"Those who don't know history are destined to repeat it."
Edmund Burke. What happened on this Day in History?
Wednesday, April 8, 2015
This Day in History: APRIL 08, 1994 : KURT COBAIN IS FOUND DEAD
On April 8, 1994, rock star Kurt Cobain was found dead in his home outside Seattle, Washington, with fresh injection marks in both arms and a fatal wound to the head from the 20-gauge shotgun found between his knees. Cobain’s suicide brought an end to a life marked by far more suffering than is generally associated with rock superstardom. But rock superstardom never did sit well with Kurt Cobain, a committed social outsider who was reluctantly dubbed the spokesman of his generation. “Success to him seemed like, I think, a brick wall,” said friend Greg Sage, a musical hero of Cobain’s from the local punk rock scene of the 1980s. “There was nowhere else to go but down.”

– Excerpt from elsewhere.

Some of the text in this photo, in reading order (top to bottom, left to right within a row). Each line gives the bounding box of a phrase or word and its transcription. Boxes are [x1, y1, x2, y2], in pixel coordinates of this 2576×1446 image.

Kurt Cobain rose to fame as the leader and chief songwriter of the Seattle-based band Nirvana, the group primarily responsible for turning a thriving regional music scene in the Pacific Northwest into a worldwide pop-cultural phenomenon often labeled “grunge.” As enormously popular as Nirvana became in the wake of their era-defining single “Smells Like Teen Spirit” (1991), it’s easy to forget just how far outside the mainstream the band really was, and just how ill-suited to pop celebrity the misanthropic, heroin-addicted Kurt Cobain was. In his suicide note, Cobain wrote: “I have it good, very good, and I’m grateful, but since the age of seven, I’ve become hateful towards all humans in general….Thank you all from the pit of my burning, nauseous stomach for your letters and concern during the past years. I’m too much of an erratic, moody baby! I don’t have the passion anymore, and so remember, it’s better to burn out than to fade away.”

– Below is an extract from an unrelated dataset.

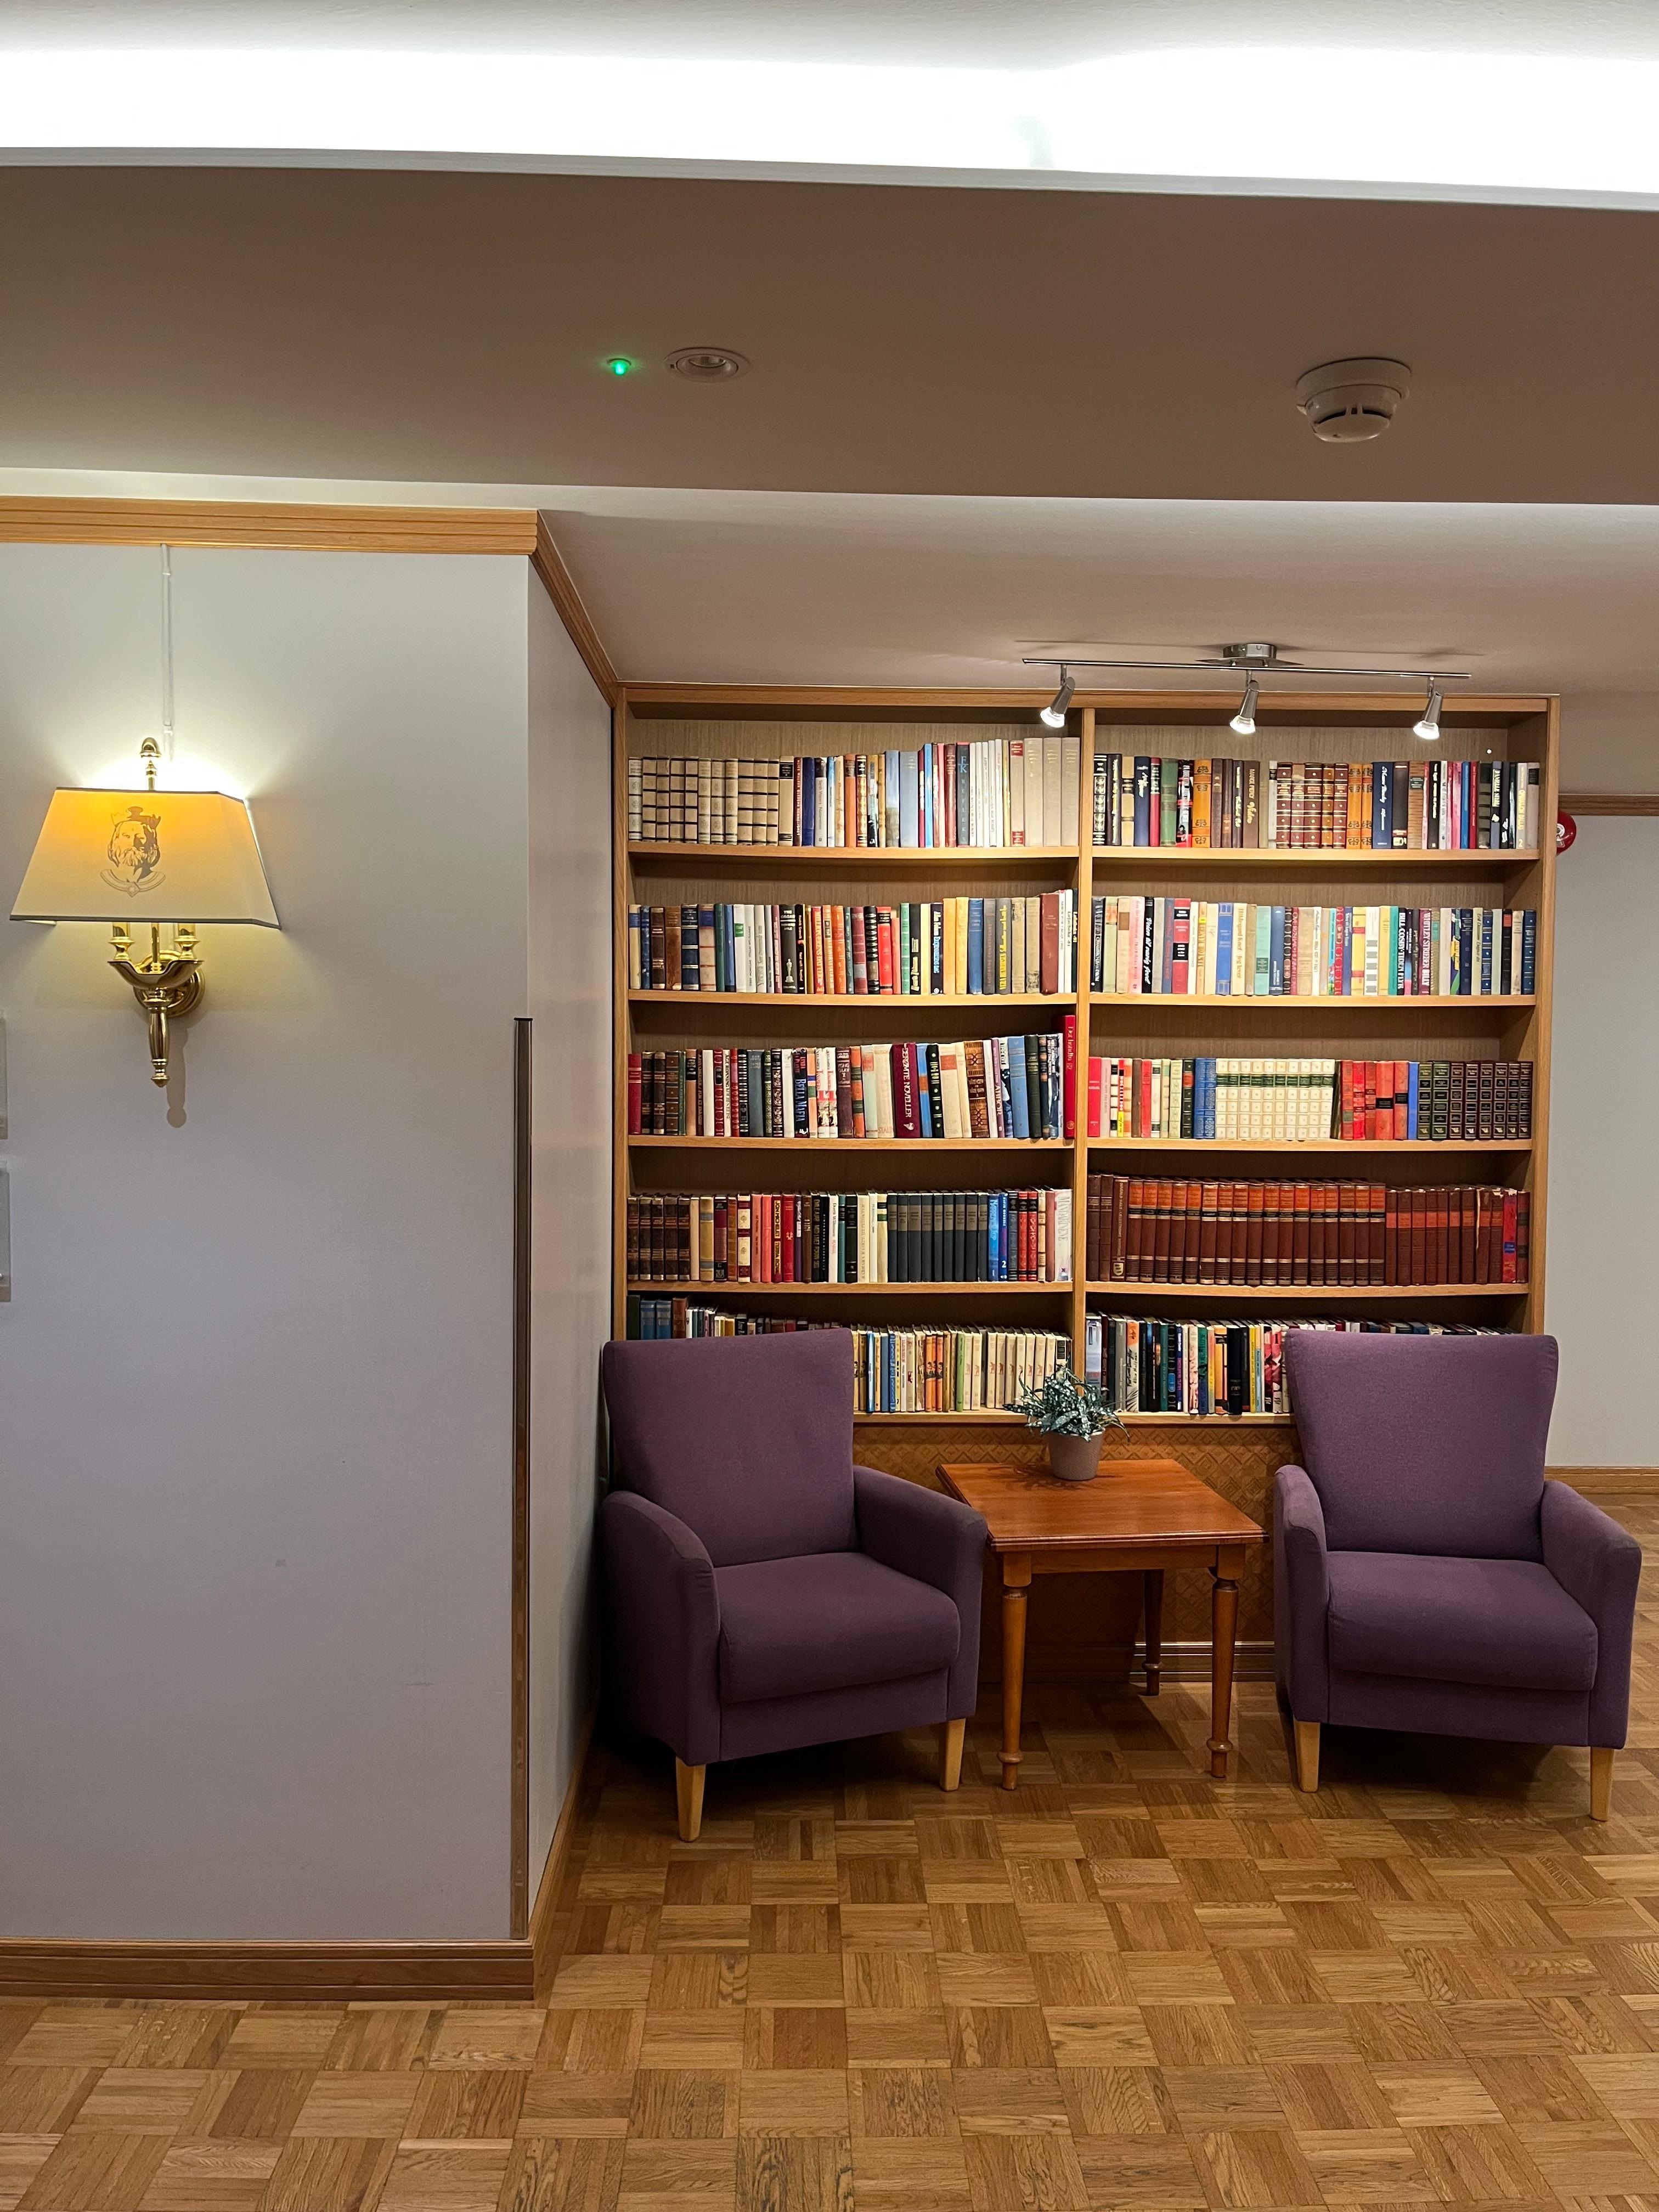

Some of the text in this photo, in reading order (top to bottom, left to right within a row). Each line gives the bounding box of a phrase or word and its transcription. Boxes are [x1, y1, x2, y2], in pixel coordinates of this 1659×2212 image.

[1422, 940, 1430, 968] STRIEBER
[1421, 969, 1430, 986] BILLY
[795, 1079, 807, 1122] BELLA MAFIA
[904, 1081, 912, 1117] NOVELLER

Cobain’s suicide note was found stabbed to a pile of potting soil with a ballpoint pen, nearby his body in the greenhouse on his Lake Washington property. It was probably written on or about April 5, 1994—the estimated date on which Cobain actually shot himself and one day after Cobain’s rock-star wife, Courtney Love, filed a Missing Person Report stating that Cobain was possibly suicidal and in possession of a gun. It was not the Seattle police, however, but a workman inspecting lighting on Cobain’s property who first discovered Cobain’s body on this day in 1994.
This is the actual contents of Kurt Cobain's "suicide note"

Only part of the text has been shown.